Carnet de lecture : Patrick Grainville, Falaise des fous

« Le ciel devrait savoir qu’il pose ! » (p.123) Ainsi s’écrie le peintre Monet, cri du cœur rapporté par le narrateur du dernier roman de Patrick Grainville, dans Falaise des fous, roman captivant, envoûtant, par l’amplitude de l’écriture, la puissance des évocations. Le talent de l’auteur ne pouvait que préparer cette synergie magique avec l’époque choisie, celle de l’émergence d’une peinture revivifiée dans la tornade des Pissarro, Manet, Monet, Courbet, Degas, Morisot, balayant les conformismes les plus assis.

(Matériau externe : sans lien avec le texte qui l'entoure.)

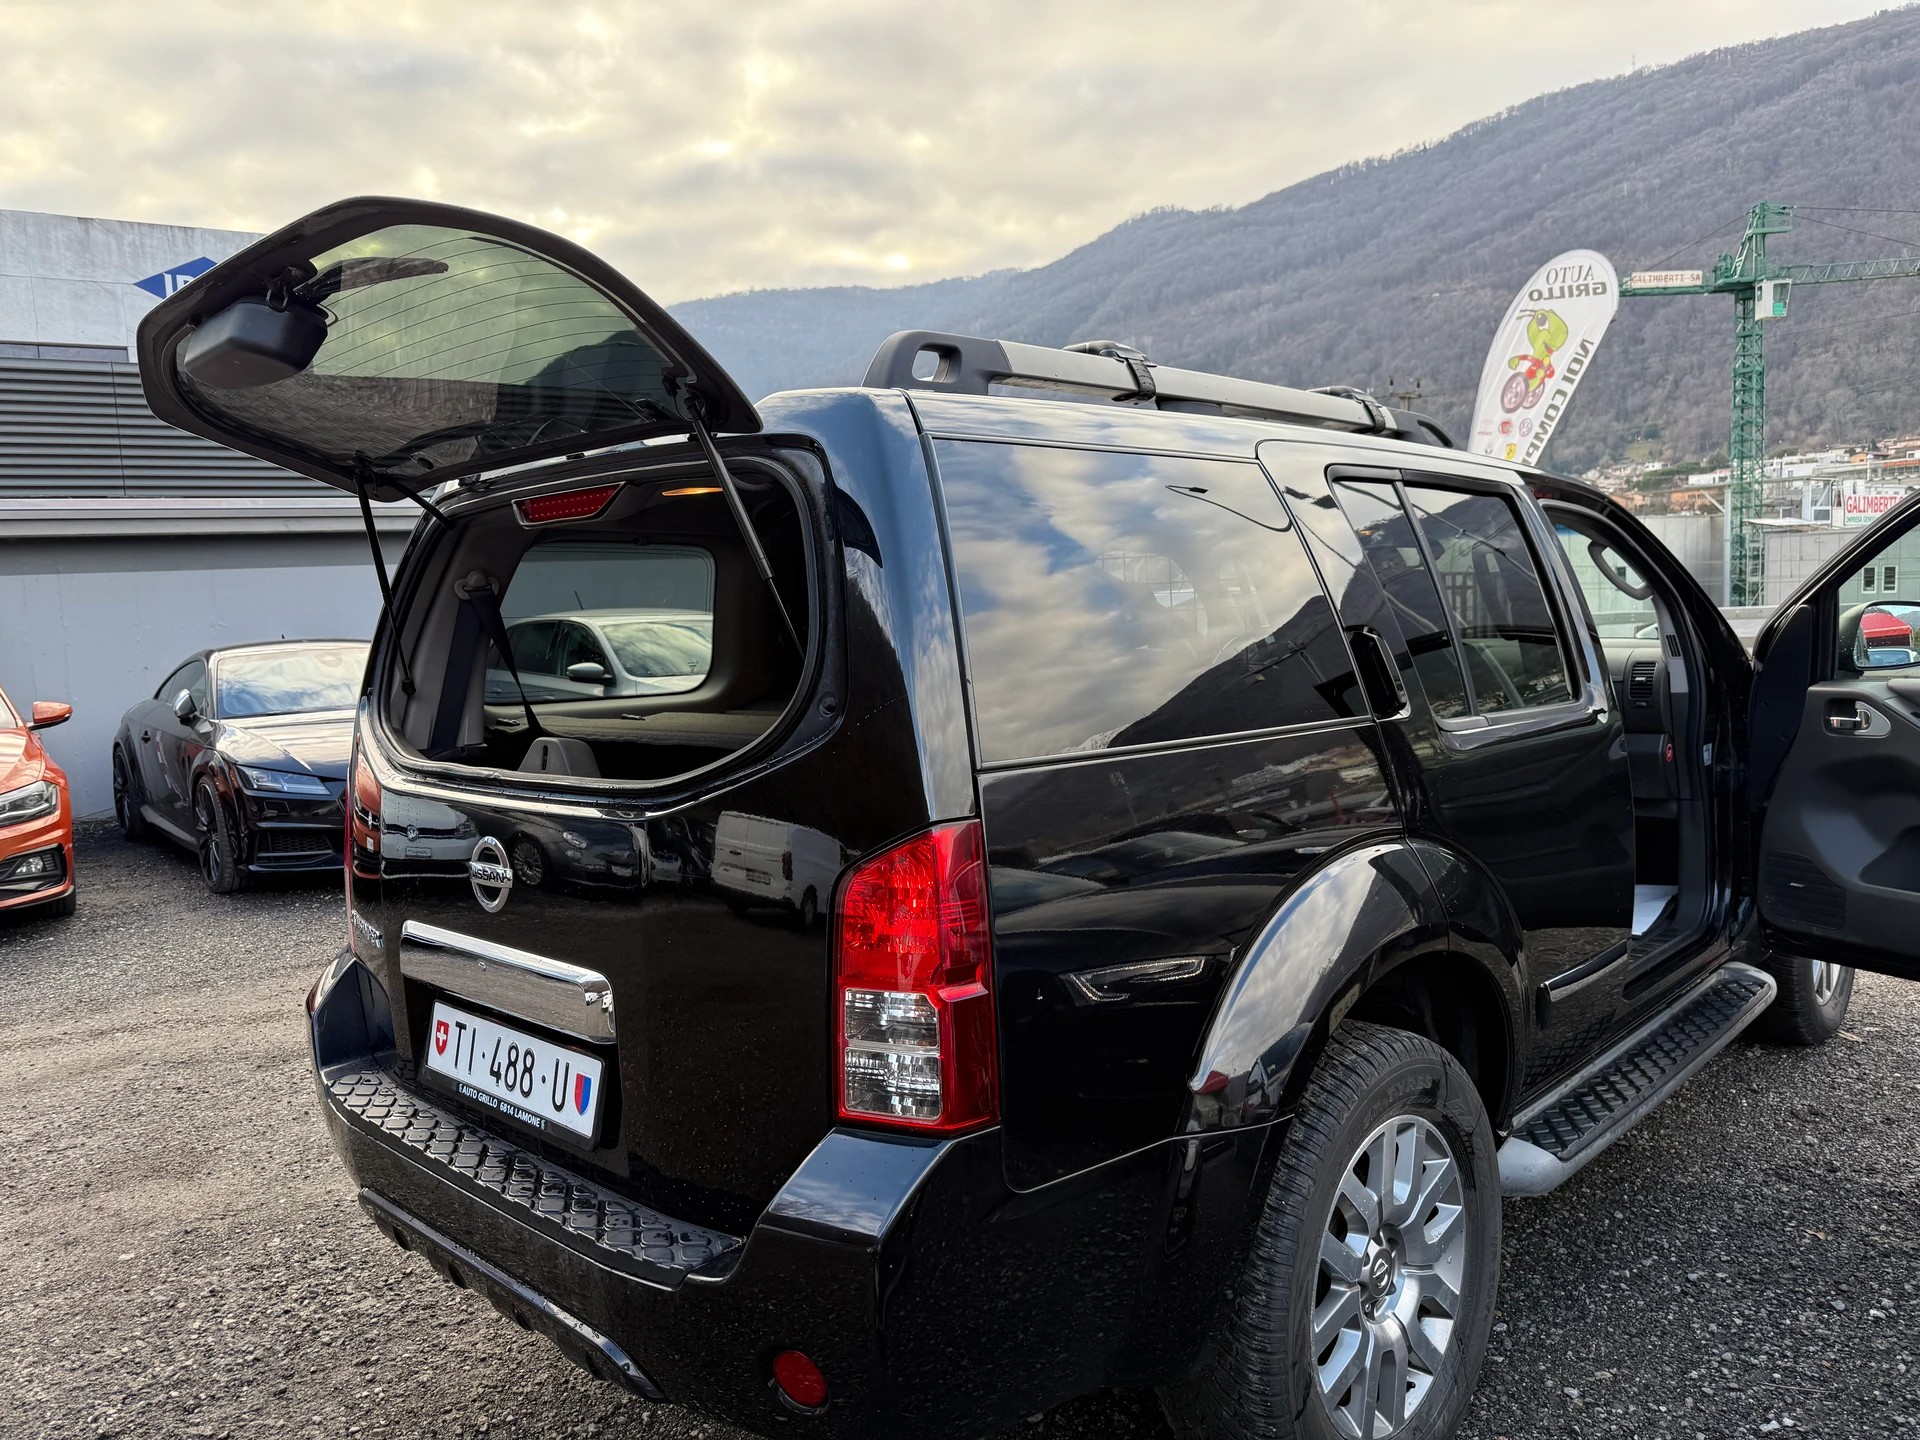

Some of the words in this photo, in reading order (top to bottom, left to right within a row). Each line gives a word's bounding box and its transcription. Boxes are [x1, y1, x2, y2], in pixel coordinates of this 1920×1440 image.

Avec ce roman nous entrons « dans la beauté du monde » (p.124) avec la pleine perception de la fragilité, le beau et le provisoire, la permanence et l’évanescence. L’imaginaire repose sur des observations affinées, rigoureuses ; ainsi en va-t-il par exemple de la scène où Claude Monet aurait pu être emporté par une vague au pied de la Manneporte à Etretat.

La mer est palette de magie en mouvement perpétuel dans les excès et les apaisements.

« La beauté du monde »… Quête perpétuelle de l’artiste que l’Homme malmène pourtant quand se déchaîne « l’irrémédiable barbarie » (p.530) Guerres de 1870, 14-18… Beauté et Barbarie sont sur deux plateaux… « Diptyque inconciliable ». (p.590)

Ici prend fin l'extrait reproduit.